### Activity
Return the entries below word for word. No picture belongs in the copy.

Dataset entries
- - - - -

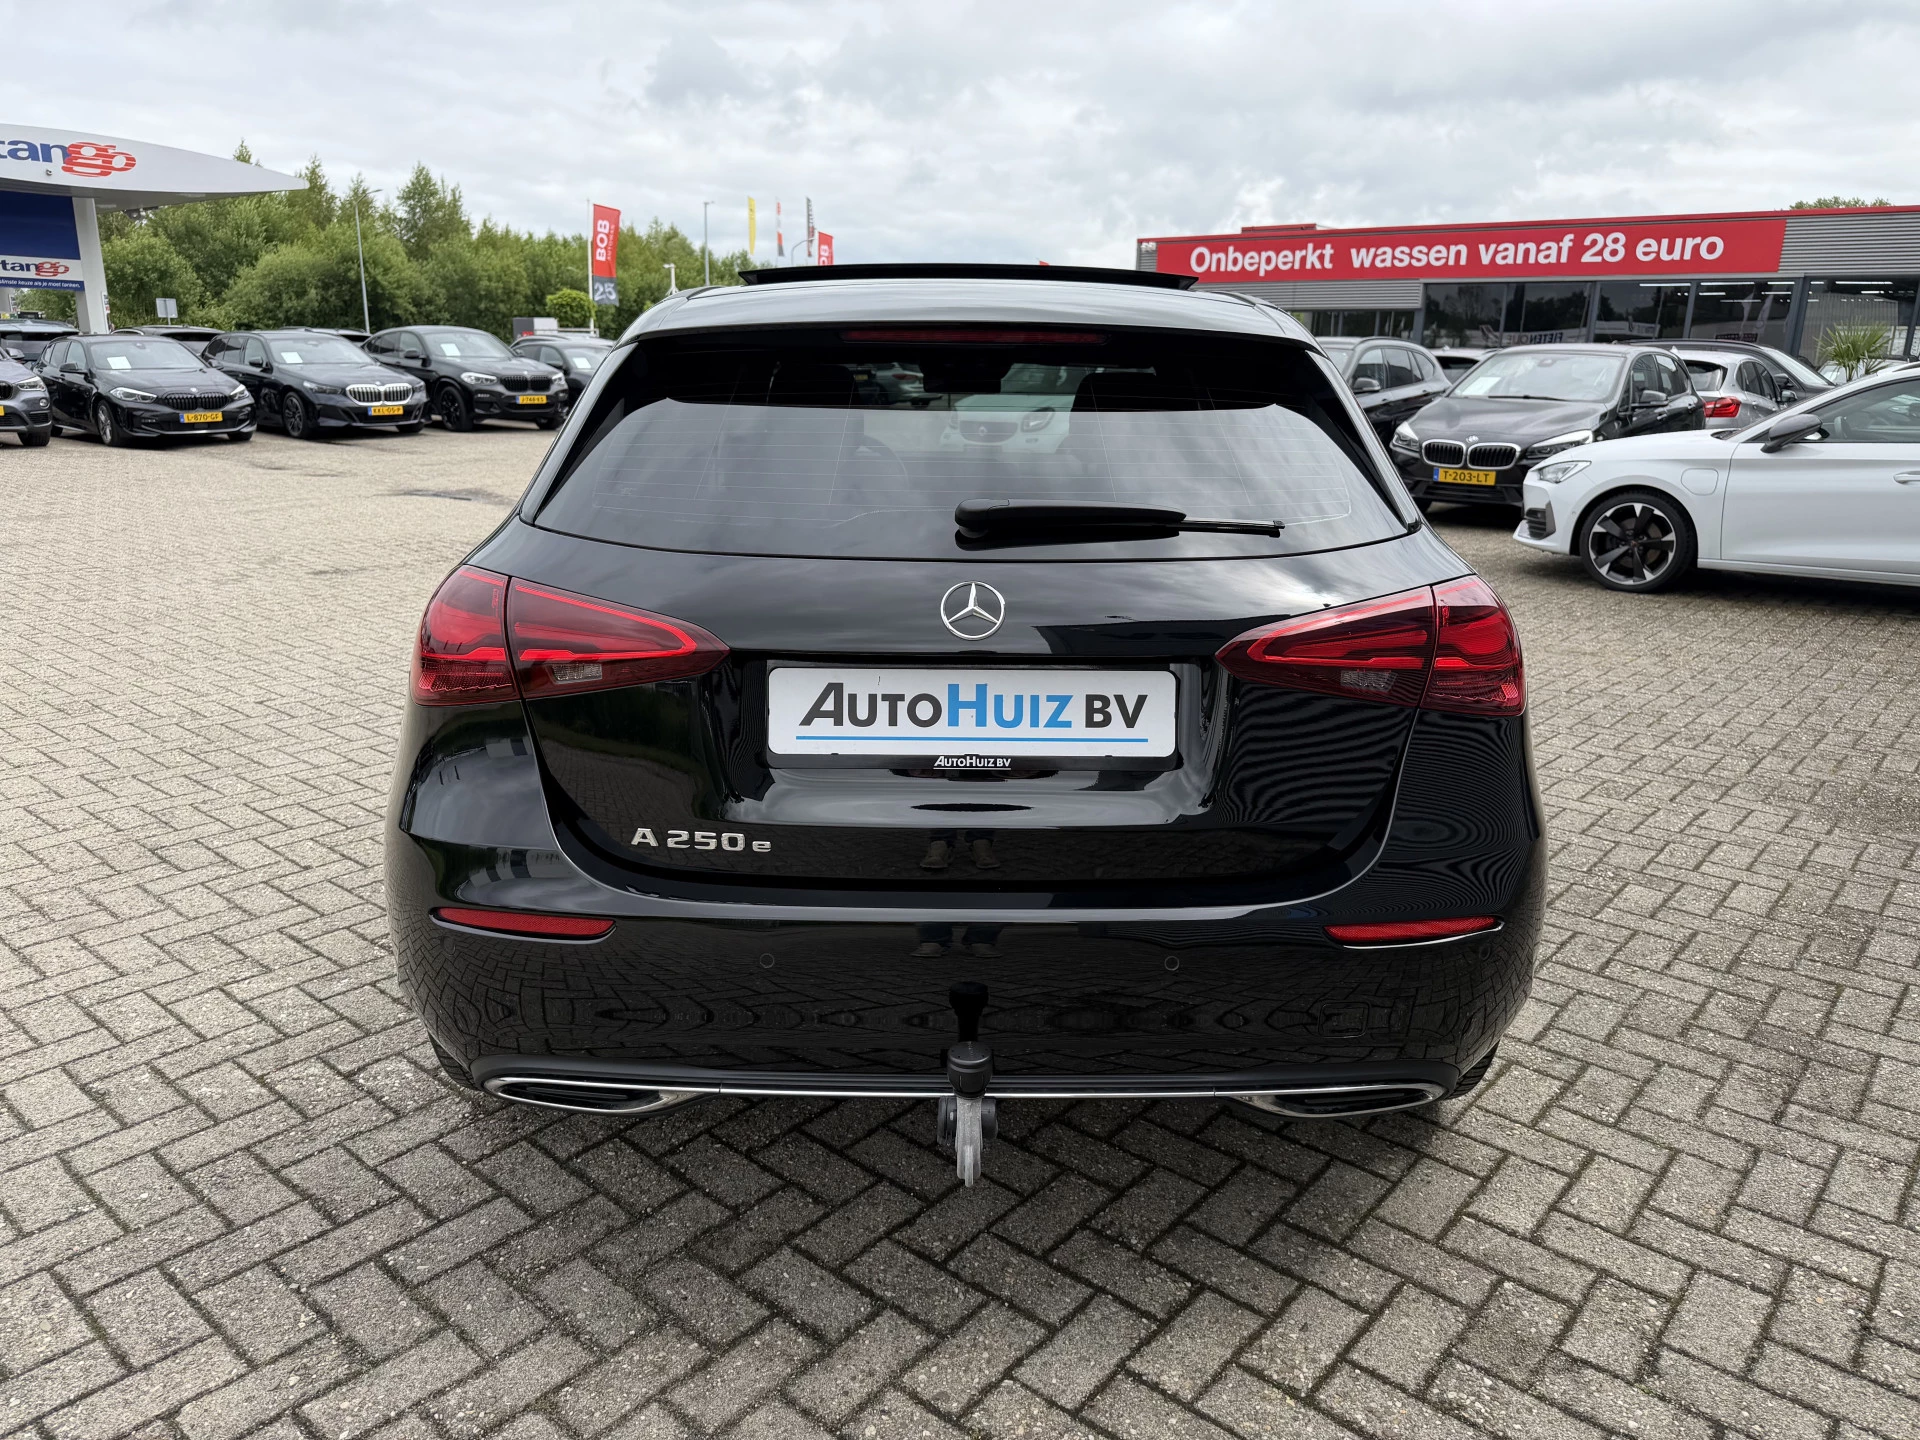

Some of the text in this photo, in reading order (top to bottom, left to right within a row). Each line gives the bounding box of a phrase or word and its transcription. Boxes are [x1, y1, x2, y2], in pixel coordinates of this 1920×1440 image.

[596, 219, 610, 262] BOB
[1189, 231, 1725, 277] Onbeperkt wassen vanaf 28 euro
[0, 260, 69, 277] tango
[1443, 470, 1490, 483] T-203-LT
[1084, 694, 1148, 728] BV
[996, 758, 1011, 767] BV
[630, 827, 659, 847] A

- - - - -

### Task output
Some of the text in this photo, in reading order (top to bottom, left to right within a row). Each line gives the bounding box of a phrase or word and its transcription. Boxes are [x1, y1, x2, y2], in pixel coordinates of this 1920×1440 image.

[596, 219, 610, 262] BOB
[1189, 231, 1725, 277] Onbeperkt wassen vanaf 28 euro
[0, 260, 69, 277] tango
[1443, 470, 1490, 483] T-203-LT
[1084, 694, 1148, 728] BV
[996, 758, 1011, 767] BV
[630, 827, 659, 847] A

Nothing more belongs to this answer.